→ **ASSIGNMENT**
Produce an exact copy of the lines from the line containing "Some of the text" through the last line of the entries below, and only those lines.

══ DATA TO PROCESS ══

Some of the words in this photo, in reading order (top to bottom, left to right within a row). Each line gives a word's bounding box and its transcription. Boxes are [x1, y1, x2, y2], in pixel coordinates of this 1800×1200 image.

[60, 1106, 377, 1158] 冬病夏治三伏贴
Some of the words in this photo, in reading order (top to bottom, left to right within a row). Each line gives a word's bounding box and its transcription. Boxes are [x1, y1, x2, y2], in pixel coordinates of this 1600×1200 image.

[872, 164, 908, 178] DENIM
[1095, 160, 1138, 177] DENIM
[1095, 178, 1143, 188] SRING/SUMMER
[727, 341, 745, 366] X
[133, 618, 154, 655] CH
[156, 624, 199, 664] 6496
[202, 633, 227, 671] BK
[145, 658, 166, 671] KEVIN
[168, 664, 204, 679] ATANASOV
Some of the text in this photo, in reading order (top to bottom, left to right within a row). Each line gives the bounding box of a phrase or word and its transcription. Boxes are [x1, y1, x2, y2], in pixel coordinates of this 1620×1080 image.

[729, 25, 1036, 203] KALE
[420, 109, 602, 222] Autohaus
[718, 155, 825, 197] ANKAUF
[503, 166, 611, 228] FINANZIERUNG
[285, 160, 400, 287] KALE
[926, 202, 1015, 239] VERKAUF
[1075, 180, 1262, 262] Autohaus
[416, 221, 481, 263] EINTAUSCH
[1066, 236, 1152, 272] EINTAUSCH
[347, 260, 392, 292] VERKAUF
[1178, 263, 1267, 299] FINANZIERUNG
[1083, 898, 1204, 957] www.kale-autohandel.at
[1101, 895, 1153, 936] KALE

═══

→ **RESPONSE TO THIS EXERCISE**
Some of the text in this photo, in reading order (top to bottom, left to right within a row). Each line gives the bounding box of a phrase or word and its transcription. Boxes are [x1, y1, x2, y2], in pixel coordinates of this 1620×1080 image.

[729, 25, 1036, 203] KALE
[420, 109, 602, 222] Autohaus
[718, 155, 825, 197] ANKAUF
[503, 166, 611, 228] FINANZIERUNG
[285, 160, 400, 287] KALE
[926, 202, 1015, 239] VERKAUF
[1075, 180, 1262, 262] Autohaus
[416, 221, 481, 263] EINTAUSCH
[1066, 236, 1152, 272] EINTAUSCH
[347, 260, 392, 292] VERKAUF
[1178, 263, 1267, 299] FINANZIERUNG
[1083, 898, 1204, 957] www.kale-autohandel.at
[1101, 895, 1153, 936] KALE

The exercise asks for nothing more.